▶ _Assignment_
Transcribe every record verbatim; no pictures.

▶ _Given data_

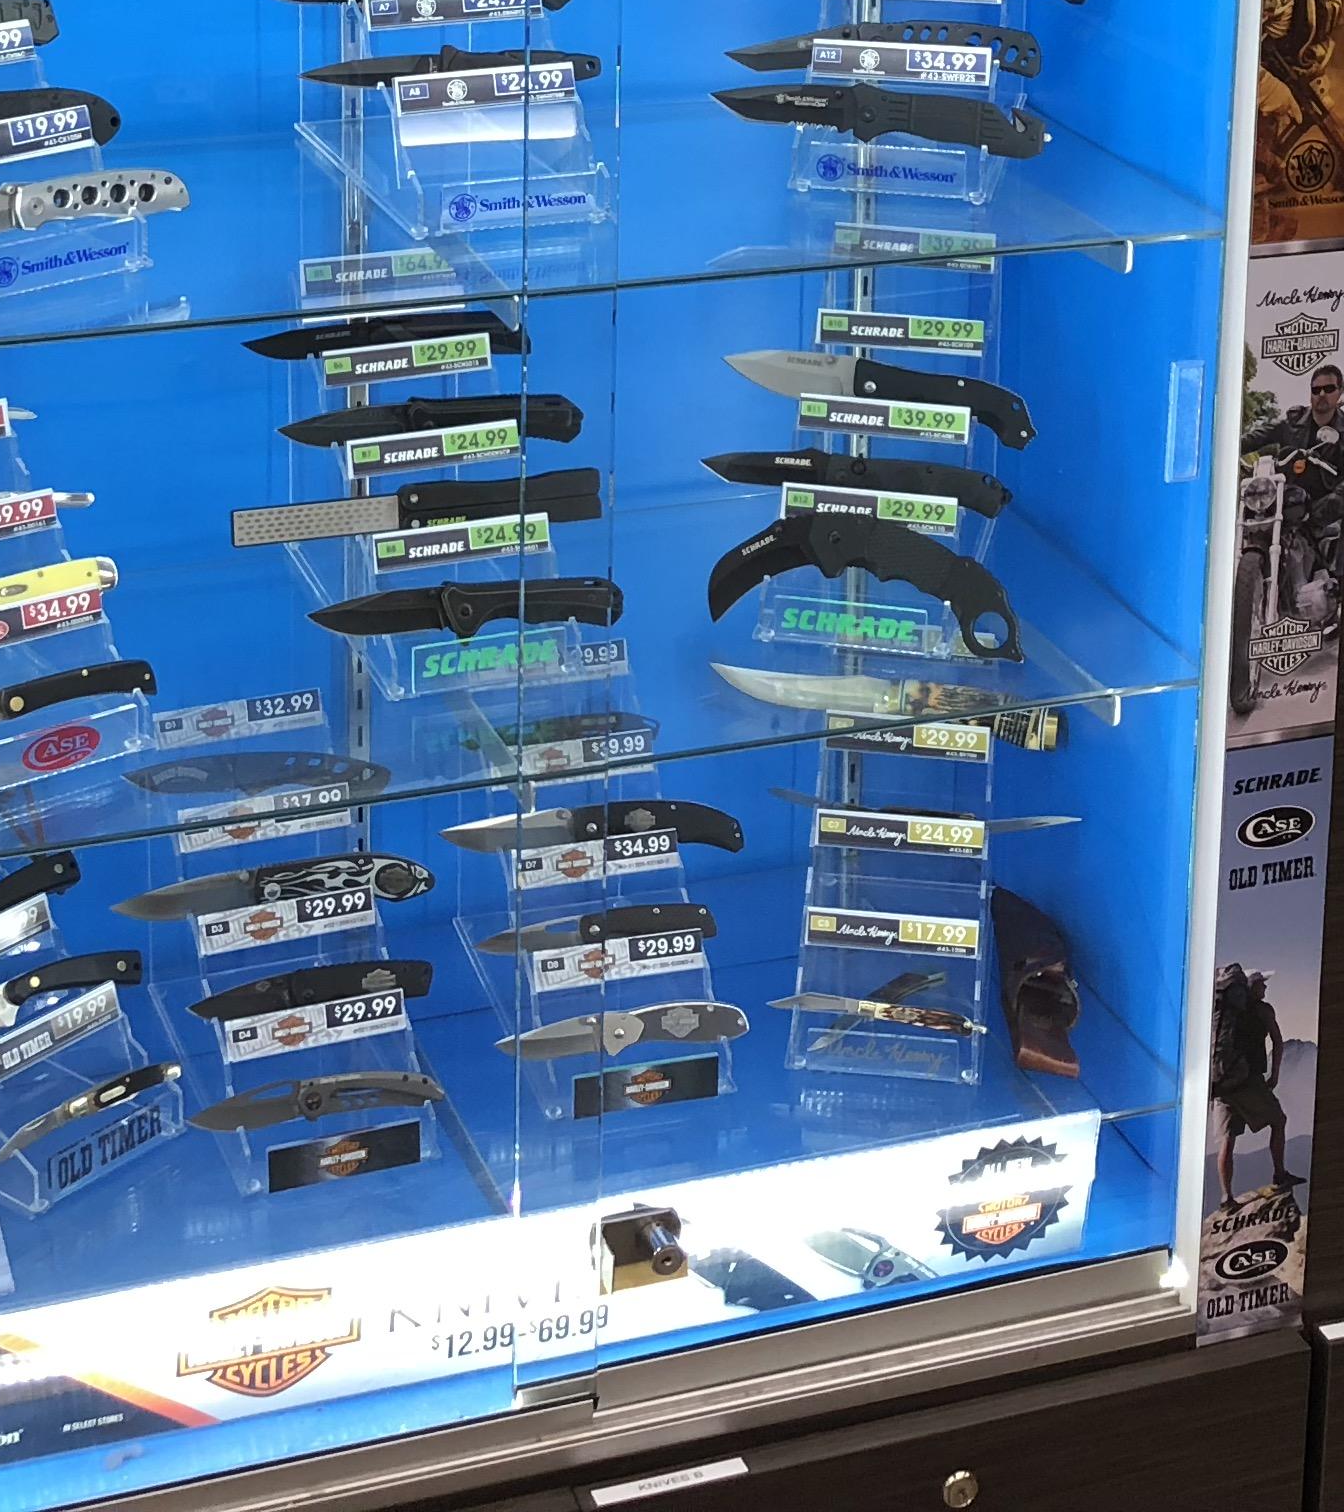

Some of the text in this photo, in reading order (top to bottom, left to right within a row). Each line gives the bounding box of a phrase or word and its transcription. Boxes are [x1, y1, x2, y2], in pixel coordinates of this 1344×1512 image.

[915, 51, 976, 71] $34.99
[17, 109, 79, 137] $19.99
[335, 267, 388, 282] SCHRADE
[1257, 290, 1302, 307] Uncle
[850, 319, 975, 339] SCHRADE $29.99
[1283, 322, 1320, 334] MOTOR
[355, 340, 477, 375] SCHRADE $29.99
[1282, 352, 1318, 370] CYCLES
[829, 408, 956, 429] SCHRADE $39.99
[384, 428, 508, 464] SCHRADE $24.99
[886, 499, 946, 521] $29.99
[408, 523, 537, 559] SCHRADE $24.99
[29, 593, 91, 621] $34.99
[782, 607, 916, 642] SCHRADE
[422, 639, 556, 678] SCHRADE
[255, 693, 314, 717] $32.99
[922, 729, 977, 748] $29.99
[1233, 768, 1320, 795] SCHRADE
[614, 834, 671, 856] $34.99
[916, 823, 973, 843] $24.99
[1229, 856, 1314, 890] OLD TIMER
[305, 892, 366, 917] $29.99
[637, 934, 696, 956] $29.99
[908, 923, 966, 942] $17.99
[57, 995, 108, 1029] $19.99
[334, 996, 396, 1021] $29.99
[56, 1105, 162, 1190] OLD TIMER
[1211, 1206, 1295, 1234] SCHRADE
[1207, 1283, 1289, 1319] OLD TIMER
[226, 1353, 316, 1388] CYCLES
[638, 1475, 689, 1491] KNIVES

▶ _Solved exercise_
Some of the text in this photo, in reading order (top to bottom, left to right within a row). Each line gives the bounding box of a phrase or word and its transcription. Boxes are [x1, y1, x2, y2], in pixel coordinates of this 1344×1512 image.

[915, 51, 976, 71] $34.99
[17, 109, 79, 137] $19.99
[335, 267, 388, 282] SCHRADE
[1257, 290, 1302, 307] Uncle
[850, 319, 975, 339] SCHRADE $29.99
[1283, 322, 1320, 334] MOTOR
[355, 340, 477, 375] SCHRADE $29.99
[1282, 352, 1318, 370] CYCLES
[829, 408, 956, 429] SCHRADE $39.99
[384, 428, 508, 464] SCHRADE $24.99
[886, 499, 946, 521] $29.99
[408, 523, 537, 559] SCHRADE $24.99
[29, 593, 91, 621] $34.99
[782, 607, 916, 642] SCHRADE
[422, 639, 556, 678] SCHRADE
[255, 693, 314, 717] $32.99
[922, 729, 977, 748] $29.99
[1233, 768, 1320, 795] SCHRADE
[614, 834, 671, 856] $34.99
[916, 823, 973, 843] $24.99
[1229, 856, 1314, 890] OLD TIMER
[305, 892, 366, 917] $29.99
[637, 934, 696, 956] $29.99
[908, 923, 966, 942] $17.99
[57, 995, 108, 1029] $19.99
[334, 996, 396, 1021] $29.99
[56, 1105, 162, 1190] OLD TIMER
[1211, 1206, 1295, 1234] SCHRADE
[1207, 1283, 1289, 1319] OLD TIMER
[226, 1353, 316, 1388] CYCLES
[638, 1475, 689, 1491] KNIVES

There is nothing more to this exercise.